- Opening Delimiter -

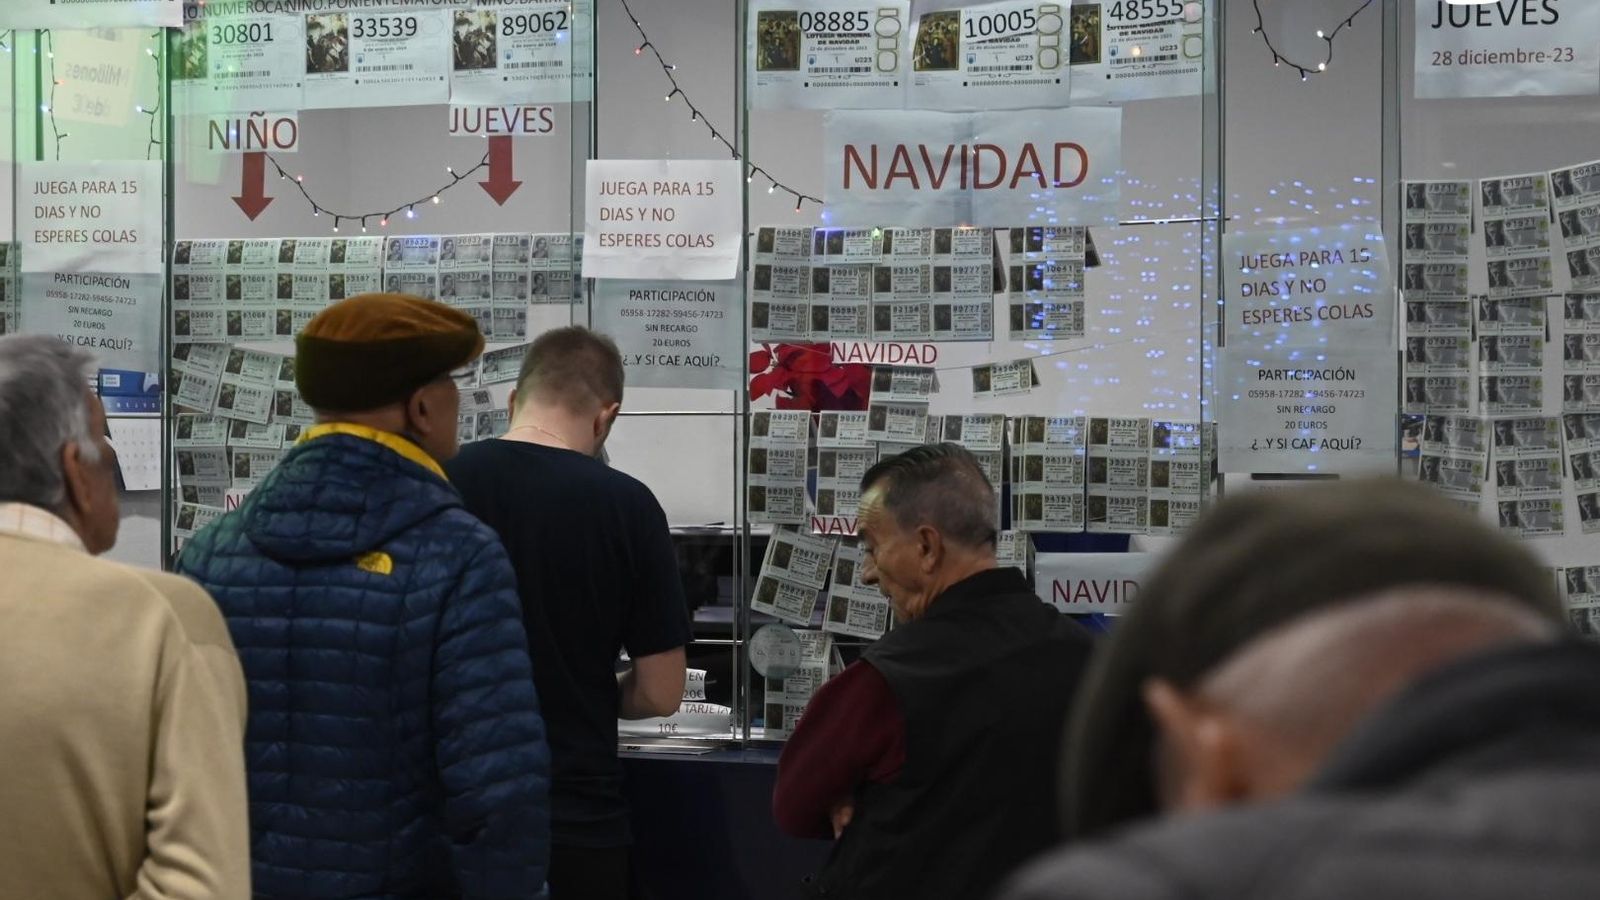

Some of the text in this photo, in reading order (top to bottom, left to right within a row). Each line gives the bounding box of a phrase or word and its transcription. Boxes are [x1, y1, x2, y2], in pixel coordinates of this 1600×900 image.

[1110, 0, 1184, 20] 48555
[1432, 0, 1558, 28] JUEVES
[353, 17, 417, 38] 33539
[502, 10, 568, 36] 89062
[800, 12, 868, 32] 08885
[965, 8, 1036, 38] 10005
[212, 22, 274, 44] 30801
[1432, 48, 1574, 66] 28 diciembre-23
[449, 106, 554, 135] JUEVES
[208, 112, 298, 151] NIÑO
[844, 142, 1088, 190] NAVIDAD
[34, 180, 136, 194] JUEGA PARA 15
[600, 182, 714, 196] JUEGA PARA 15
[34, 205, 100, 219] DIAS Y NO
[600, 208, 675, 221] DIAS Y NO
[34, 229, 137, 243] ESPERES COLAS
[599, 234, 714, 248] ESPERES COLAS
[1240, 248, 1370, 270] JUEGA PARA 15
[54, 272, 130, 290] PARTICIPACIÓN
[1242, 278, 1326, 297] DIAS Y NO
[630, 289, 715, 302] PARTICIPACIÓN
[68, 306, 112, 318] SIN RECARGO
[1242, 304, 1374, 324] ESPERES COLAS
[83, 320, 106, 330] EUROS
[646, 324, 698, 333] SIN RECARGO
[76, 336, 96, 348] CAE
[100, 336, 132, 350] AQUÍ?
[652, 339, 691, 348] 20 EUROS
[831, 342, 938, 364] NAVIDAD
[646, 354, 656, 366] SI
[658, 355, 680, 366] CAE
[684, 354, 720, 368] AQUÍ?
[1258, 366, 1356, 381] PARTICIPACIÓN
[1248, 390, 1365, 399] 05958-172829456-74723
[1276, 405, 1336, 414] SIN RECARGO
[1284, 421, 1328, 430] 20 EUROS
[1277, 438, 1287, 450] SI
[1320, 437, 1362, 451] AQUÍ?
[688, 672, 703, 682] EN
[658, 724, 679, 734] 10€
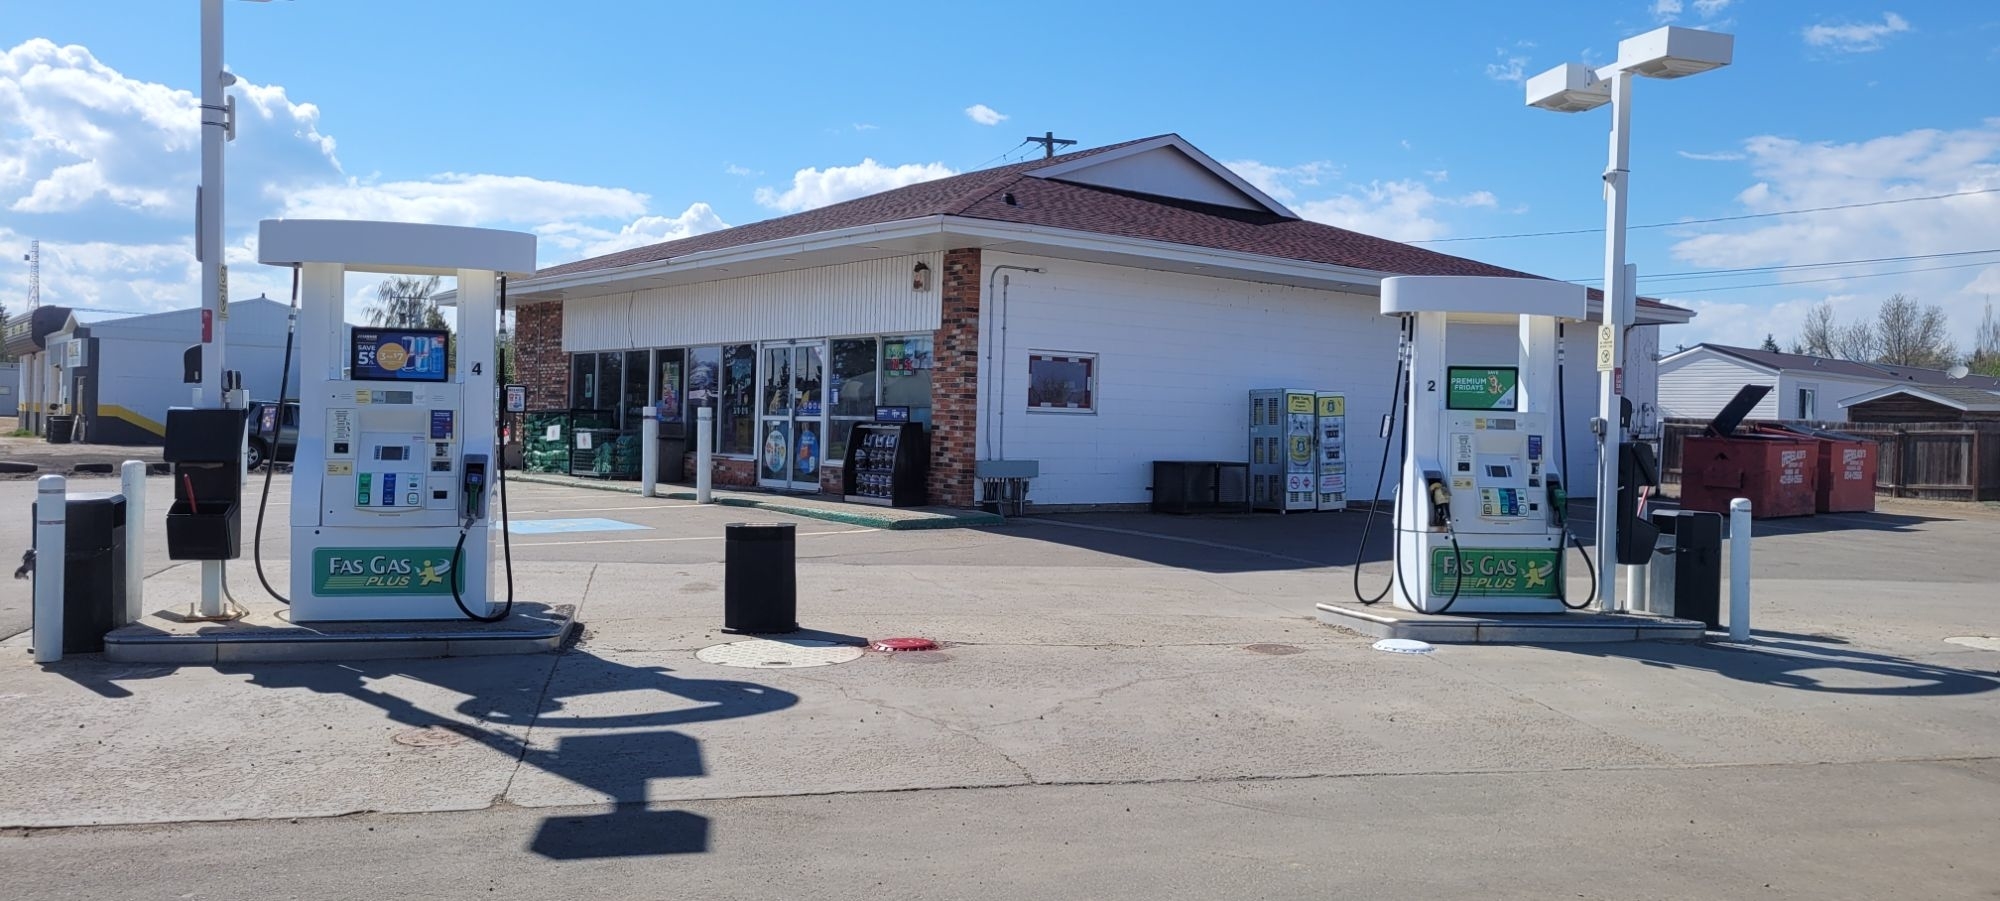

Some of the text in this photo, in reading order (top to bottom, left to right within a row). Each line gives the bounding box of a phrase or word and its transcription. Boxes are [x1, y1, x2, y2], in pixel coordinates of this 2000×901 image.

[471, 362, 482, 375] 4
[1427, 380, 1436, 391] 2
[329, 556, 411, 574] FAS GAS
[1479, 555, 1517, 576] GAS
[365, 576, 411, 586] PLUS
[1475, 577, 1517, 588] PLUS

- Closing Delimiter -

- EXERCISE DETAILS: Repeat exactly the lines from the one containing "this 2000×901 image." through the last line of the records above, both included, and nothing else.

- EXERCISE ANSWER:
Some of the text in this photo, in reading order (top to bottom, left to right within a row). Each line gives the bounding box of a phrase or word and its transcription. Boxes are [x1, y1, x2, y2], in pixel coordinates of this 2000×901 image.

[471, 362, 482, 375] 4
[1427, 380, 1436, 391] 2
[329, 556, 411, 574] FAS GAS
[1479, 555, 1517, 576] GAS
[365, 576, 411, 586] PLUS
[1475, 577, 1517, 588] PLUS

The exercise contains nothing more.